Del siglo XIX al XX, abriendo las puertas de éste aún lejano y alumbrando el porvenir de la Zarzuela, figuran en la promoción a mediados del XIX Cristóbal Oudrid con El ensayo de una ópera, de 1848 y Rafael Hernando con El duende, de 1849, y Colegiales y soldados; en compañía de gala con la Sociedad Musical Española y el madrileño Teatro Variedades.

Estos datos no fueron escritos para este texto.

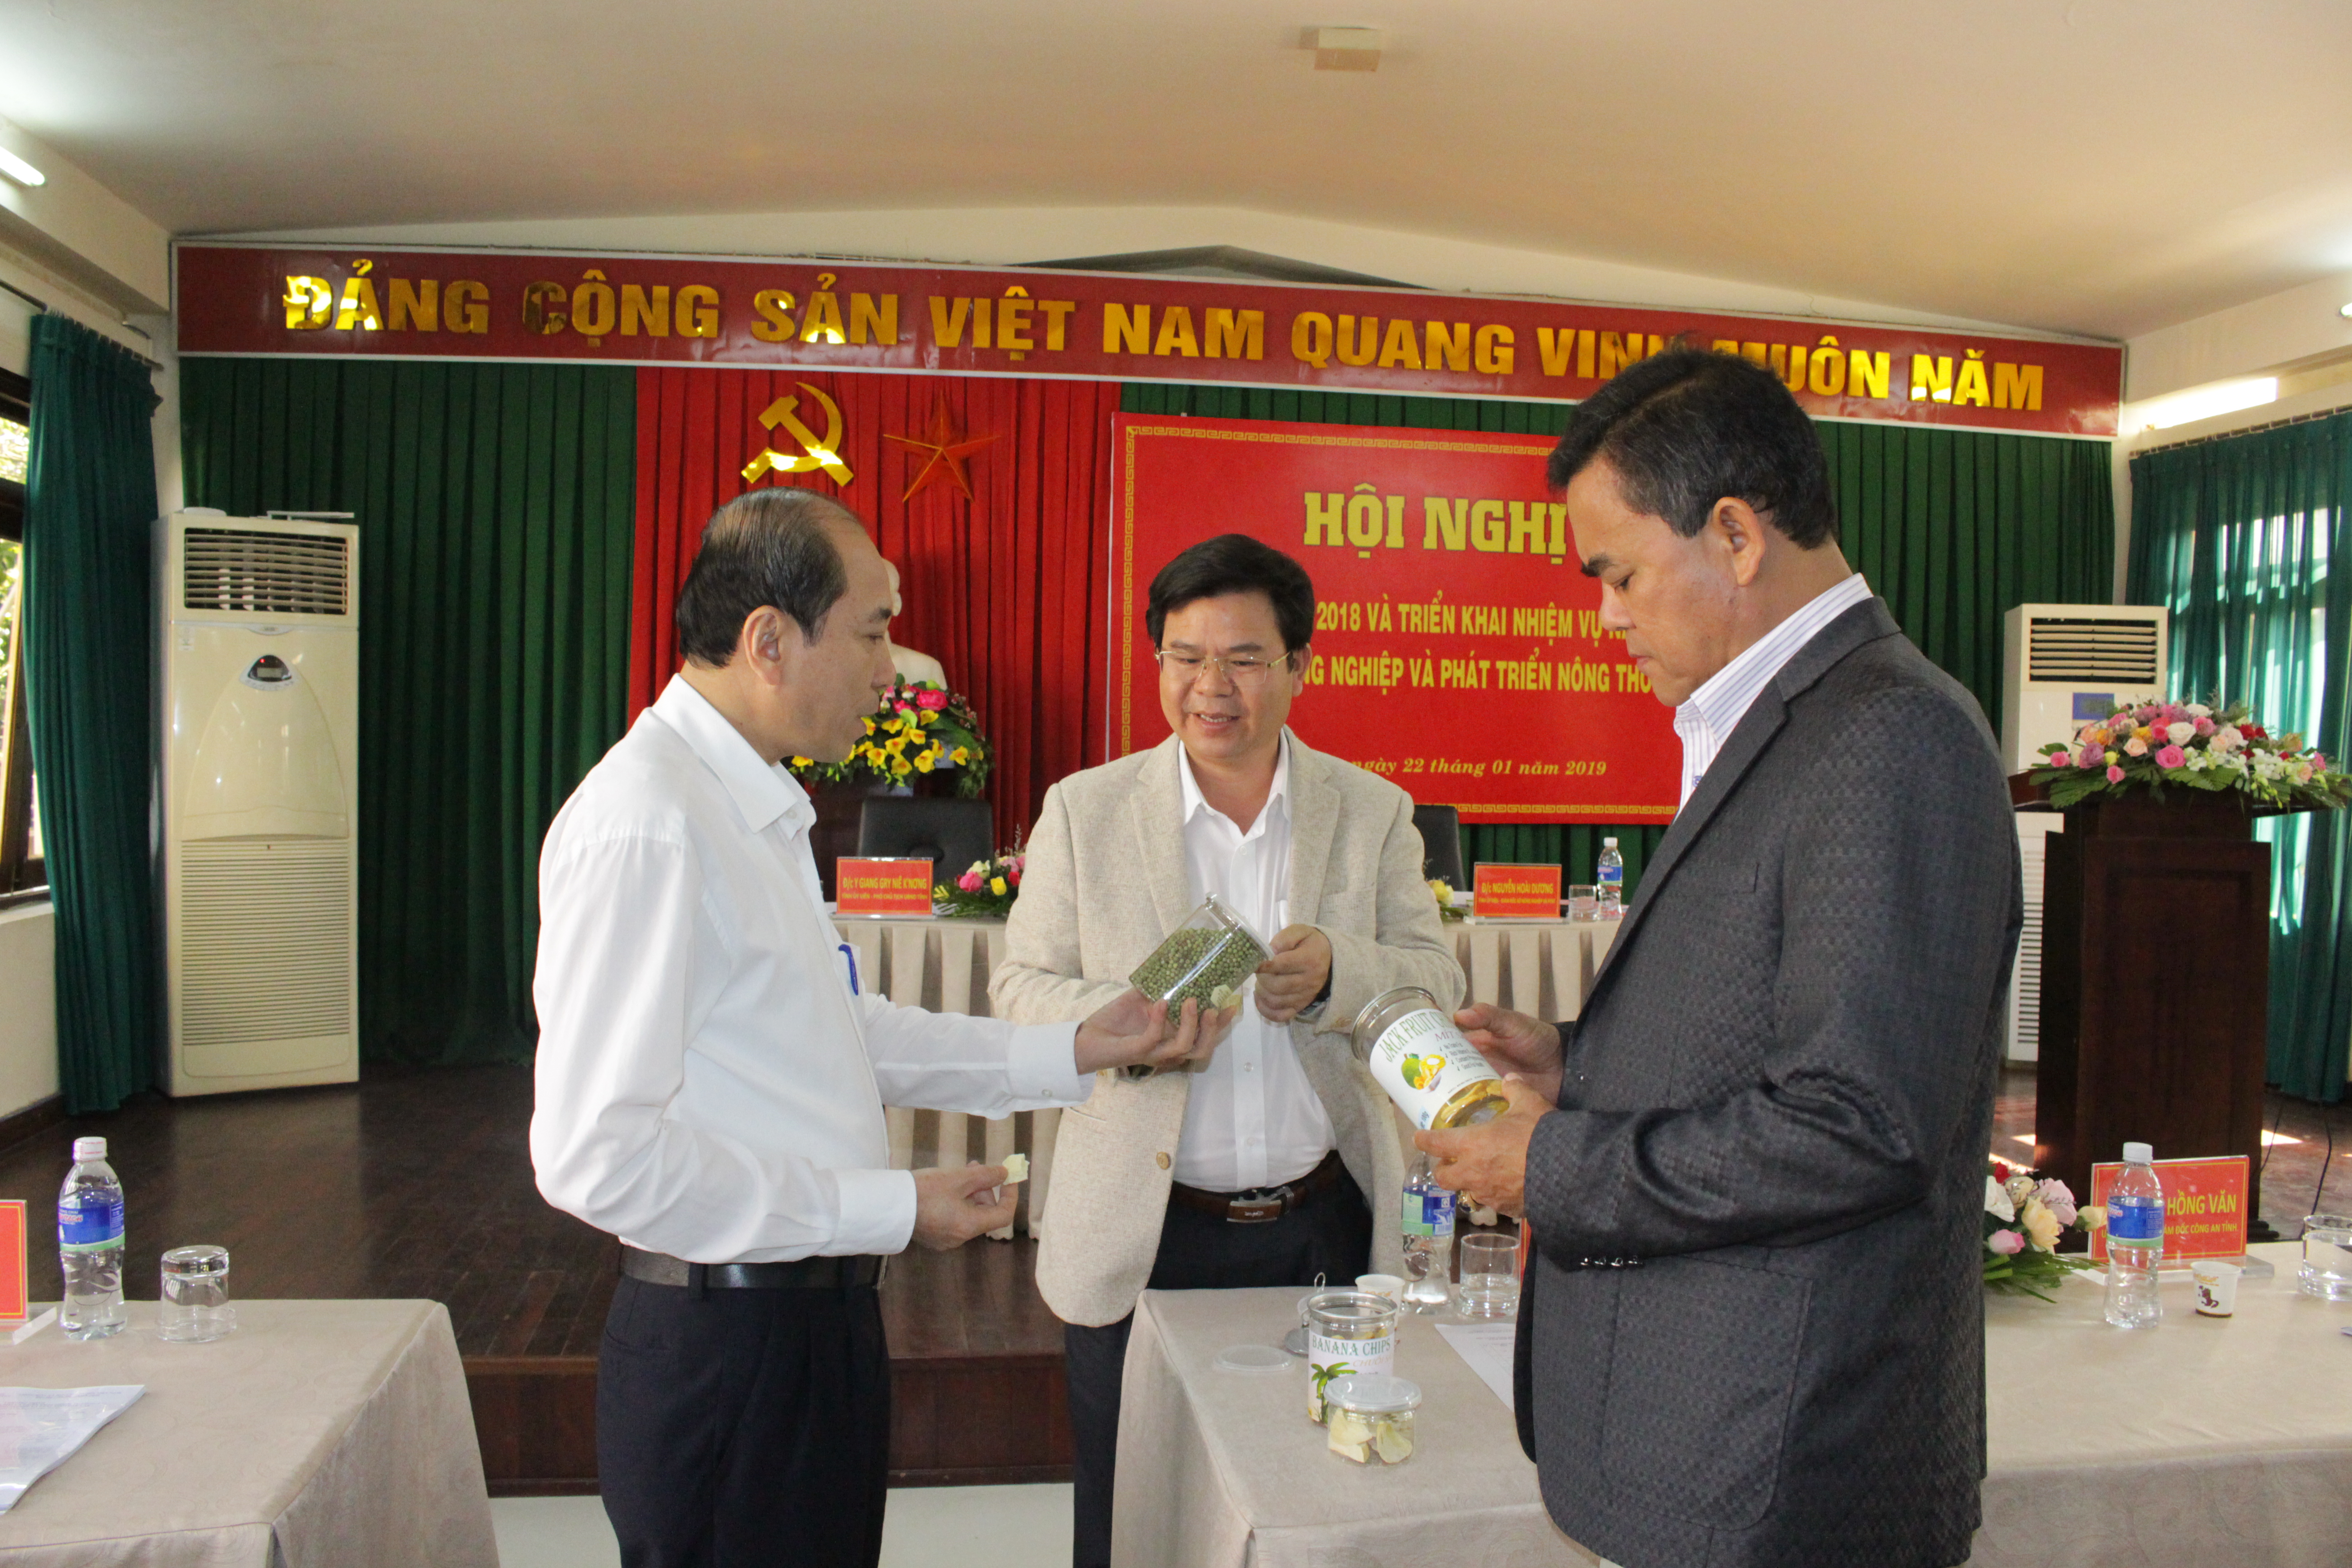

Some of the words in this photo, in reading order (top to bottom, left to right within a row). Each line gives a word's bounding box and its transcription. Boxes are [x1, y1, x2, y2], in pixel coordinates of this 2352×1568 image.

A partir de 1850 es cuando el teatro musical español vierte su esencia, que hará fortuna. La Zarzuela se adueña del jardín escénico con el estreno, propuesto por la sociedad La Musical Española, creada en 1847, de Escenas de Chamberí, con texto de Luis de Olona; origen fehaciente de un género nacional equiparable a las más afamadas expresiones musicales en Europa. Esta ópera española apareció en 1851, pero su denominación fue la de Zarzuela grande, compuesta de tres o cuatro actos, cuyo principal impulsor fue Francisco Asenjo Barbieri, autor de la obra Jugar con fuego, estrenada en el Teatro del Circo de Madrid, local perteneciente a la recién constituida Sociedad Artística; a dicha sociedad se debe en 1856 la inauguración del Teatro de la Zarzuela.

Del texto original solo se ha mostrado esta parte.